Just wondering if anyone else has had this happen before or something similar?


----------



## Donutz

Go the fuck to the hospital.


----------



## Bretfred

What donutz said.You can't walk and you think ibproufen is going to help? Better eat the whole bottle. Dont really do that youll die.


----------



## Aw3bb

Donutz said:


> Go the fuck to the hospital.


Wanna ride next year or are you over it?


----------



## East§ide

yea, you need to go to the hospital ASAP. sounds like you did some serious shit to your leg. anytime "twirling" after impact is involved, swelling above the knee, etc., theres a good chance you really screwed some stuff up in there.


----------



## fairgame

I did the same thing 7 weeks ago. I ride regular so I took the impact on my left leg right above the boot.
I walked around and ended up riding down the rest of the run, albeit in some pain. I assumed if I was able to ride down and it wasn't excruciating pain, nothing was broken...wrong!
The impact snapped my fibula. 
Doc ended up not casting it as it is a non weight bearing bone and said to stay off it for a couple of weeks and that my season was probably over. 
He also told me not to take ibuprophen as it hinders bone healing. 
If yours is broken you would probably be able to feel the bone "clicking", I certainly did.


----------



## vltsai

I was charging through a canyon once on a nice powder day and we were finding ourselves going through a fun little slalom. Blind corners and all! Came around a corner and saw a stump (or something) sticking out about thigh height and I tried to avoid it but couldn't - smacked it with my thigh, flipped over, had to sit down for a while cause I had a minor freakout over what had happend because my friend behind me said "Oh geeze that looked bad." Thankfully my impact shorts have these neat thigh pads which took the impact. It hurt like hell and was swollen for a bit but that was the extent of the injury. Had I not had them, might've been a little bit worse.

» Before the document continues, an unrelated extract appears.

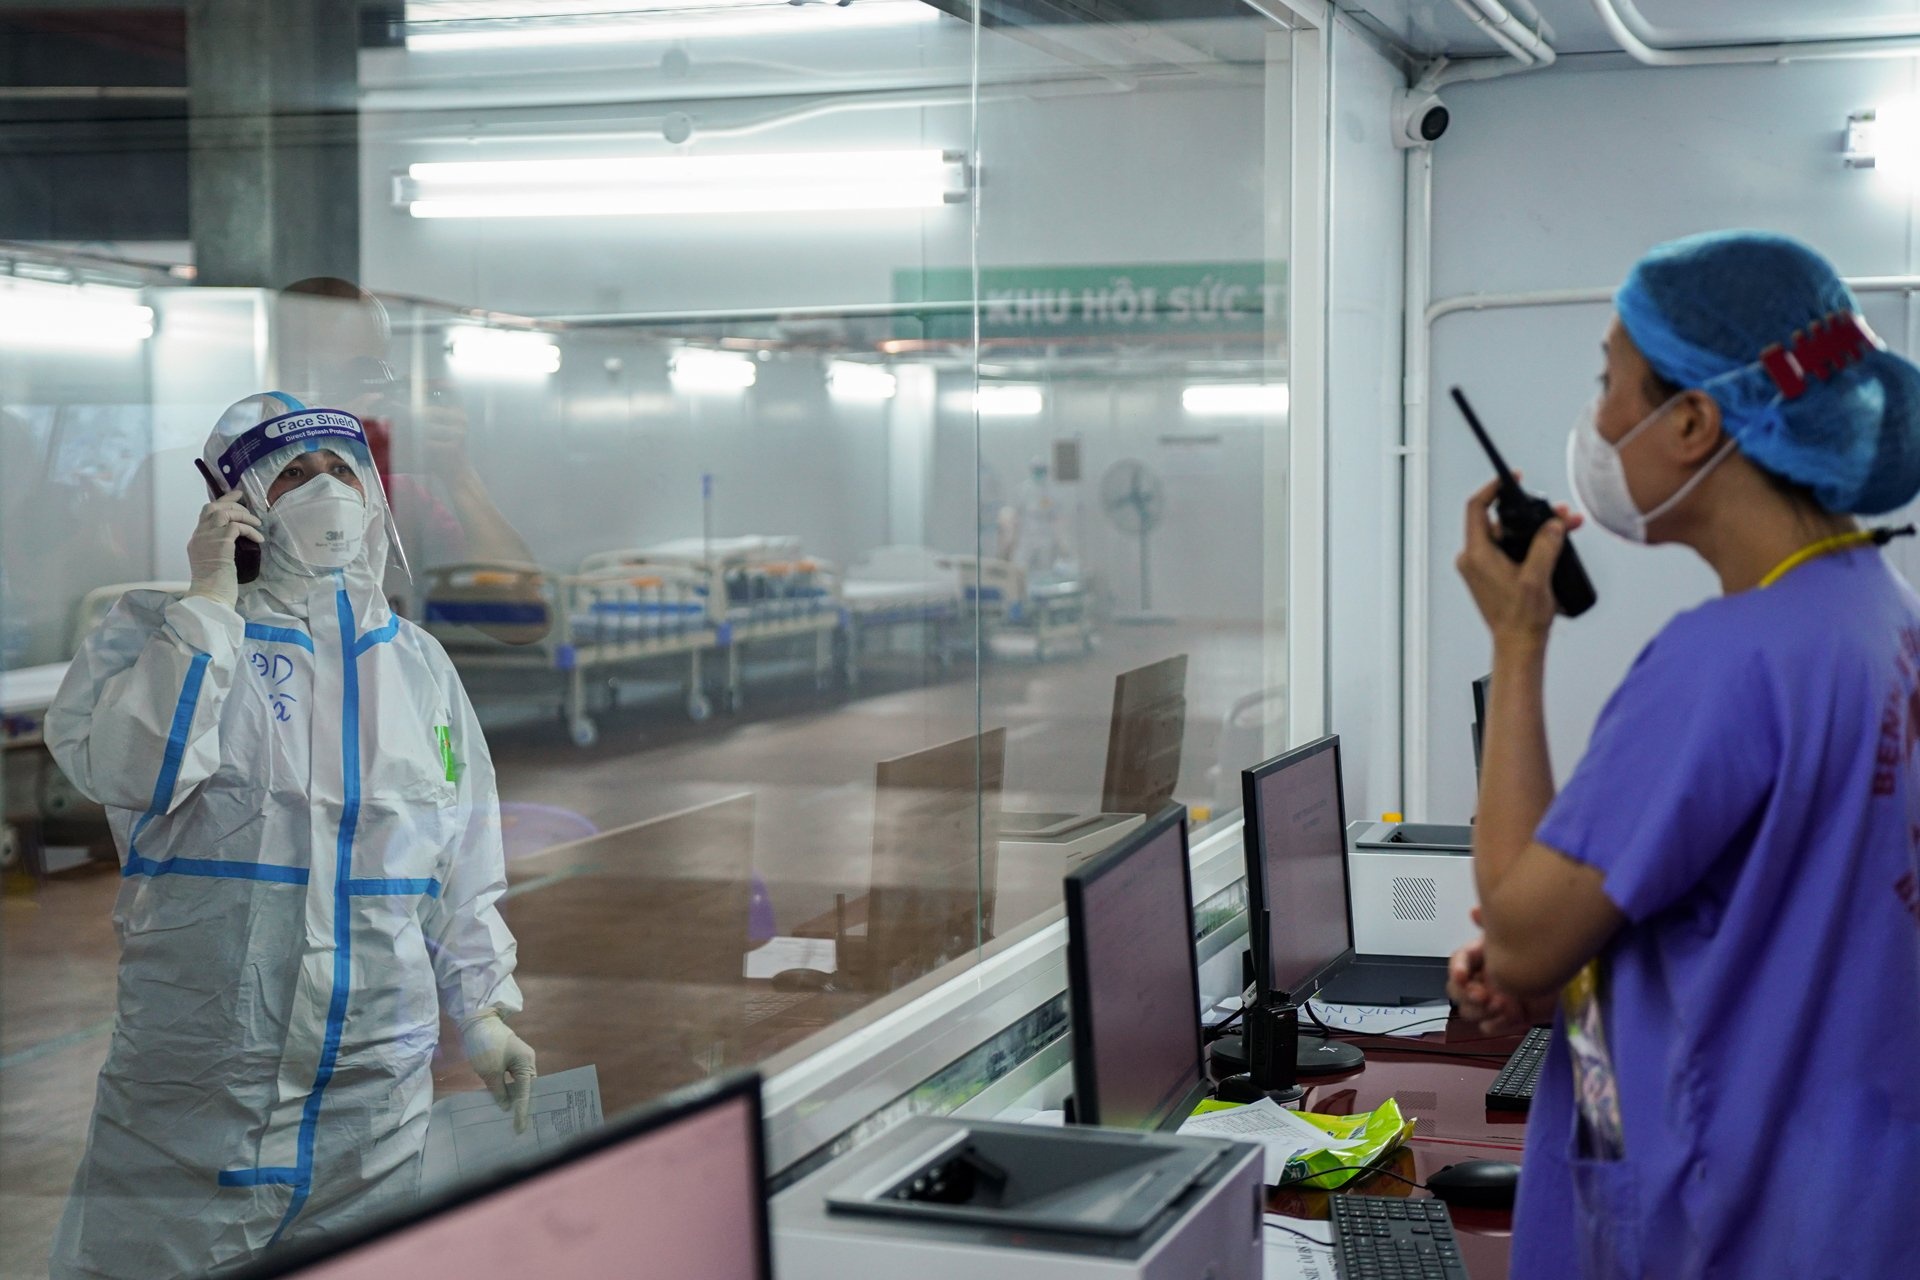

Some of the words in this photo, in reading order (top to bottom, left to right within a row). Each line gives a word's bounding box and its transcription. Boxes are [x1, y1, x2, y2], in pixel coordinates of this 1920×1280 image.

In your situation, I would highly consider the likelihood of a tear. Nothing broken or even fractured, but if you have a torn hamstring, that's definitely something to get checked out. That or it'll just spasm because it's bruised for a bit. Is it URGENT? No, but if you care you'll get it checked out because the doc will direct you to the right PT regimen. When he says something, treat it like the word of God. As I see it, worst-case-scenario, you're out for a couple months, but I think we typically see it as much worse in the initial stages. Take care and get well!


----------



## Cr0_Reps_Smit

Def get it checked out but it sounds like it may be a bone contusion. I did something similar about 5 years ago, hit a ice bump in the glades and went flying into a tree with my front thigh/femer taking the full blunt of the hit. I was in the middle of the lesson so I finished out the last 30 mins of it but I had to ride switch with ALL my weight on my switch front leg. After the lesson I had to use my board as a crutch to get back to my car since I couldn't really walk other wise. Took about a week before I was able to do anything again and about another week before it felt fine.


----------



## danzo

Thanks for the replies guys, I'm going there tonight to get it checked out. 

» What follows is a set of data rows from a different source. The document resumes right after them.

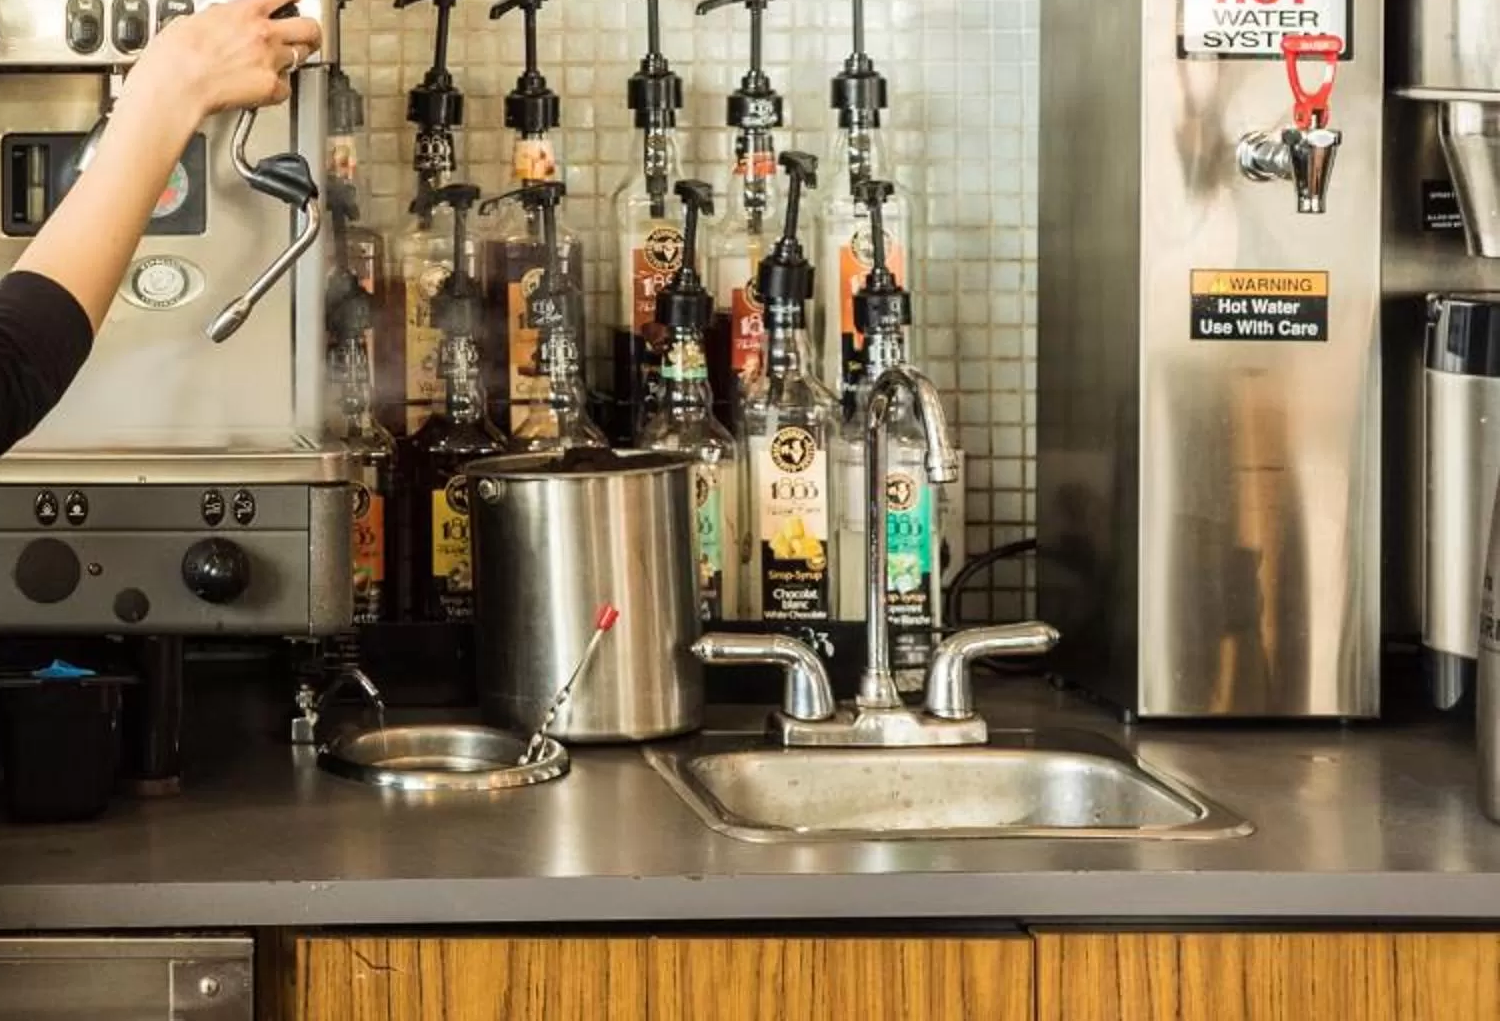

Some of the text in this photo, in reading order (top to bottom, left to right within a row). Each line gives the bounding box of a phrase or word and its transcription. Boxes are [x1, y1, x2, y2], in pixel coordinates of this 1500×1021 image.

[1212, 10, 1318, 27] WATER
[1203, 31, 1327, 49] SYST
[1230, 279, 1312, 291] WARNING
[1218, 299, 1300, 314] Hot Water
[1200, 319, 1318, 335] Use With Care
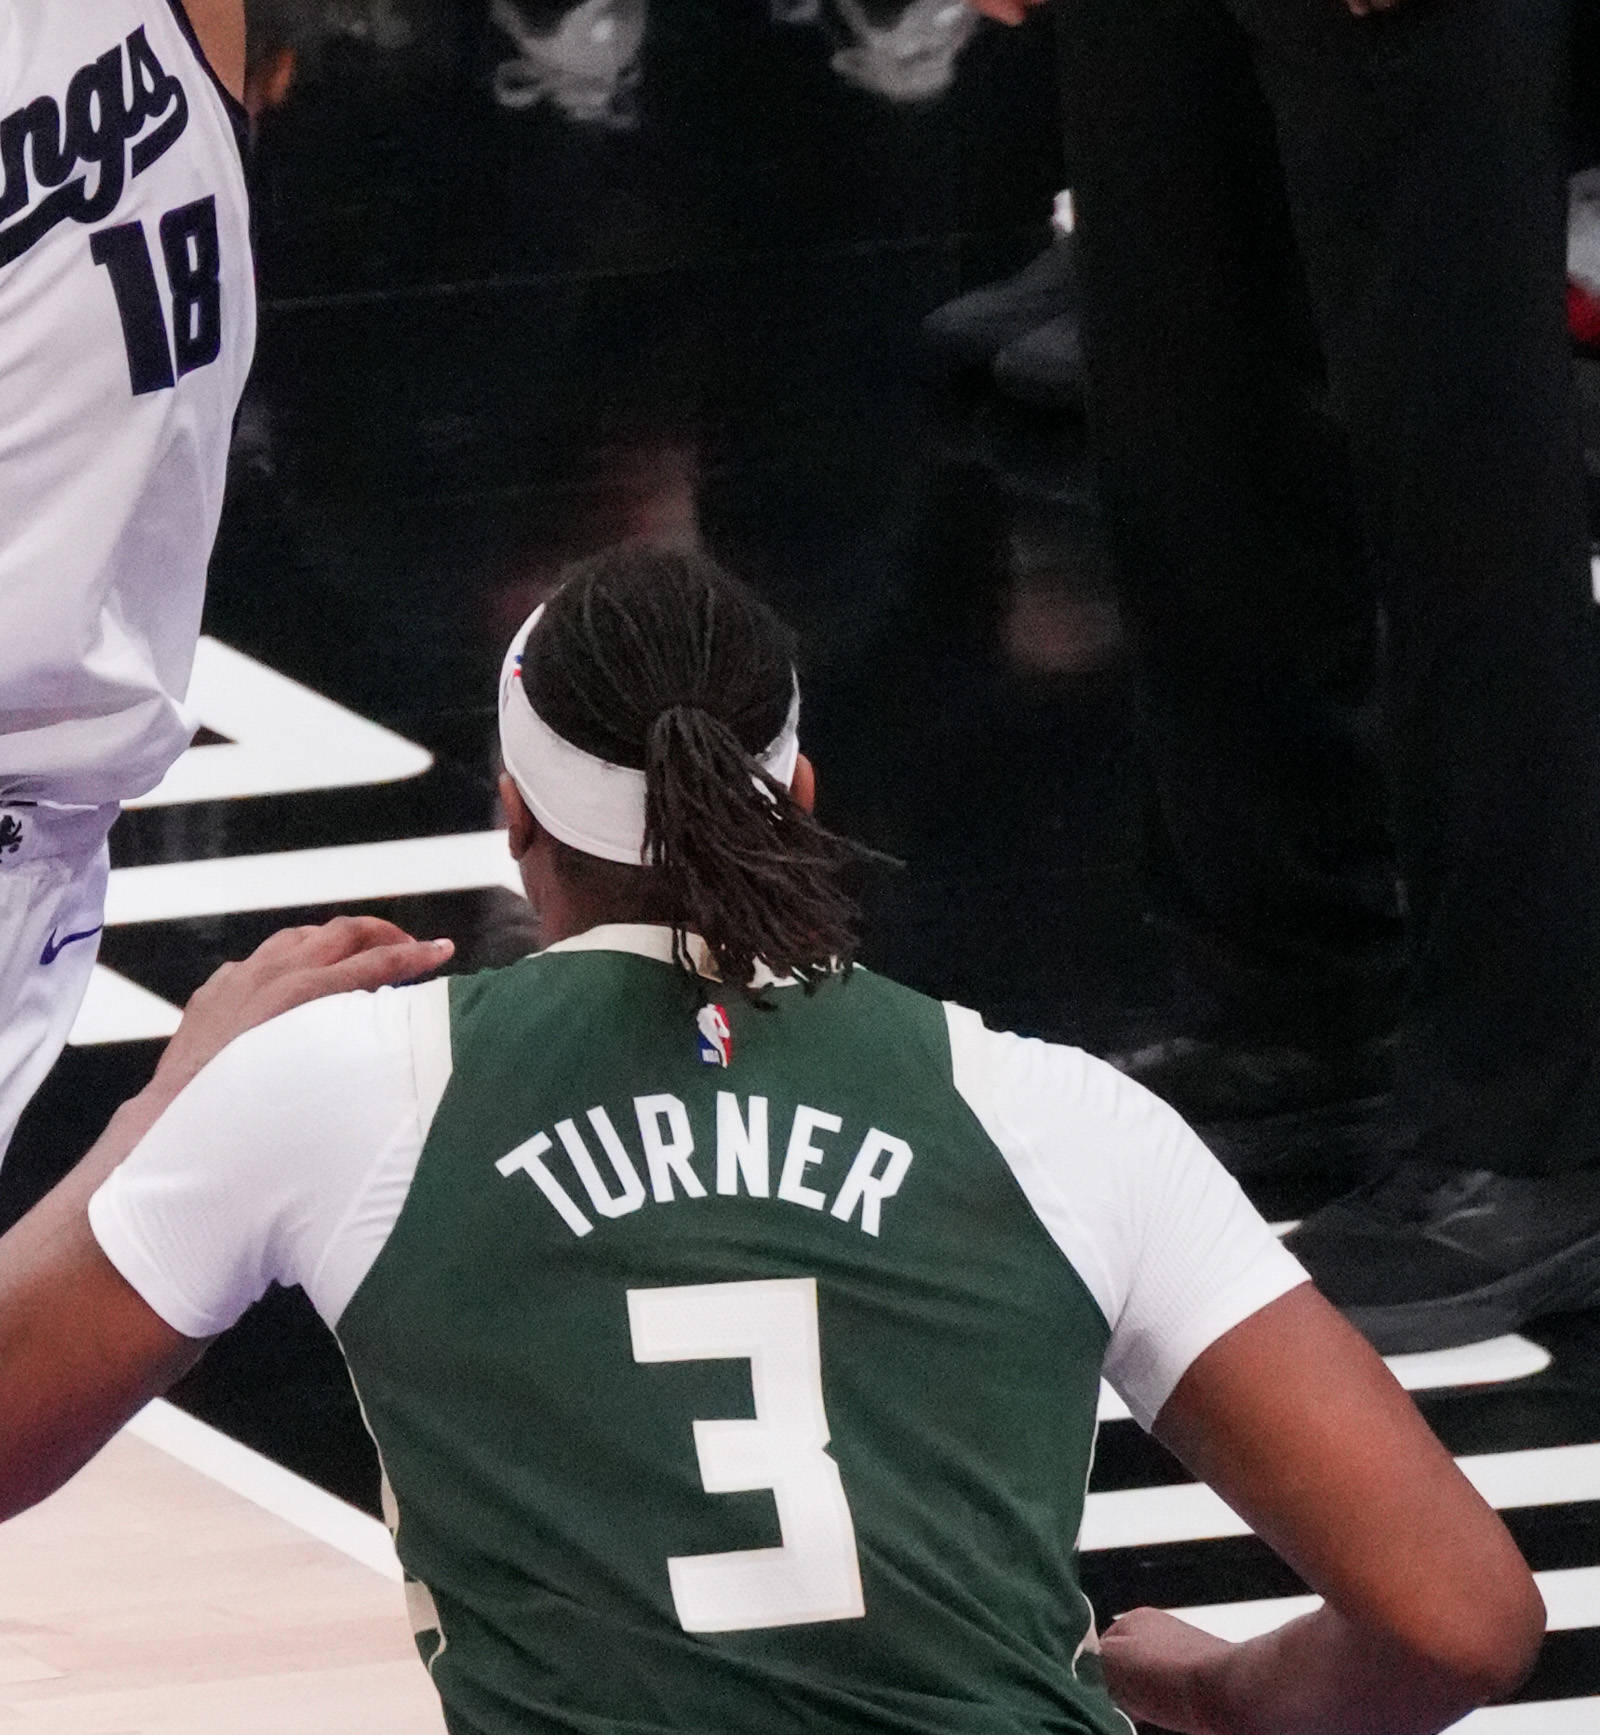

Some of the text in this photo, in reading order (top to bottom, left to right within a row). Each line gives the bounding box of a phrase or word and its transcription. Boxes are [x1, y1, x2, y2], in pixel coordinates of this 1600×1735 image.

[89, 194, 221, 397] 18
[495, 1090, 914, 1238] TURNER
[626, 1277, 867, 1633] 3

Some of you guys got me quite worried now, I'm sure there's muscle damage done (tibialis anterior, peronius, and gastrocnemius would be my guesses), to be honest I think I should've gotten dropped off at the hospital day of but I just wanted to get into my bed :x

Anyways, it's the 2nd day today, no discoloration, pain has been reduced to about 1/3, swelling is roughly the same, if not less. 

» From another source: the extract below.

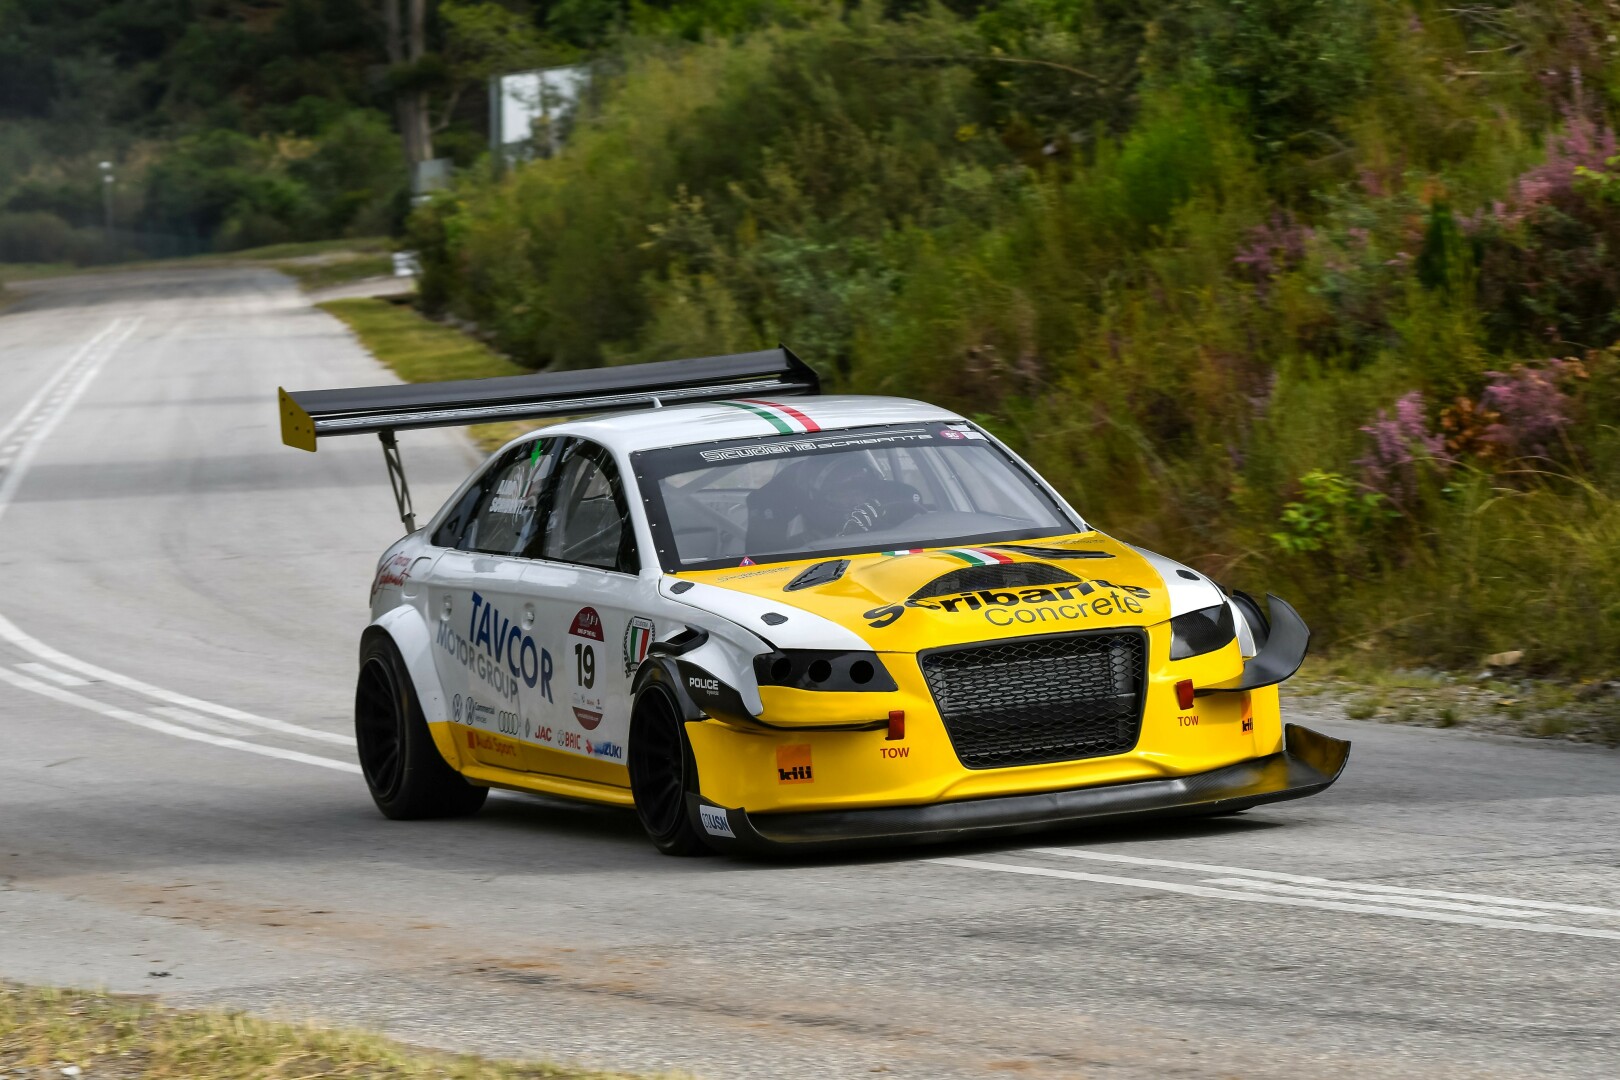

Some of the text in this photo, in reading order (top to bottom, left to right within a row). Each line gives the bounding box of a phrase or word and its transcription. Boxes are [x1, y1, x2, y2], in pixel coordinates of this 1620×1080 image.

I'll post an update when I get back, not gonna try to walk on it until I get it checked out.


----------



## danzo

Just got back from the hospital; diagnosis was a fracture to my fibula. 

Luckily everything is in line so 4 to 6 weeks off the leg should be suffice without a cast. 

Epsom bathes, maintain toe movement, minimize pressure on leg, keep an eye on the swelling, and a visit to an orthopedic to double check my recovery down the road. 

My first set of crutches; is it normal to feel cool using them? 

Note to self: although trees don't move, they can still be dangerous creatures.


----------



## Varza

Bretfred said:


> What donutz said.You can't walk and you think ibproufen is going to help? Better eat the whole bottle. Dont really do that youll die.


Actually, it takes a lot more ibuprofen than a whole bottle to kill someone </nerd> 

OP, that sucks, but at least it wasn't any worse. Trees (on the other hand), are very likely to kill when approached the wrong way. Nasty creatures. But yeah, take good care of that leg! And avoid them trees in the future


----------



## Donutz

Glad it wasn't worse.

And watch out for the trees that DO move and sound like John Rhys-Davies.


----------



## Tarzanman

I am going to blame the OP for his own injury. The only reason you got hurt by that tree is because you haven't been training properly!

This is how a properly trained athlete deals with a tree....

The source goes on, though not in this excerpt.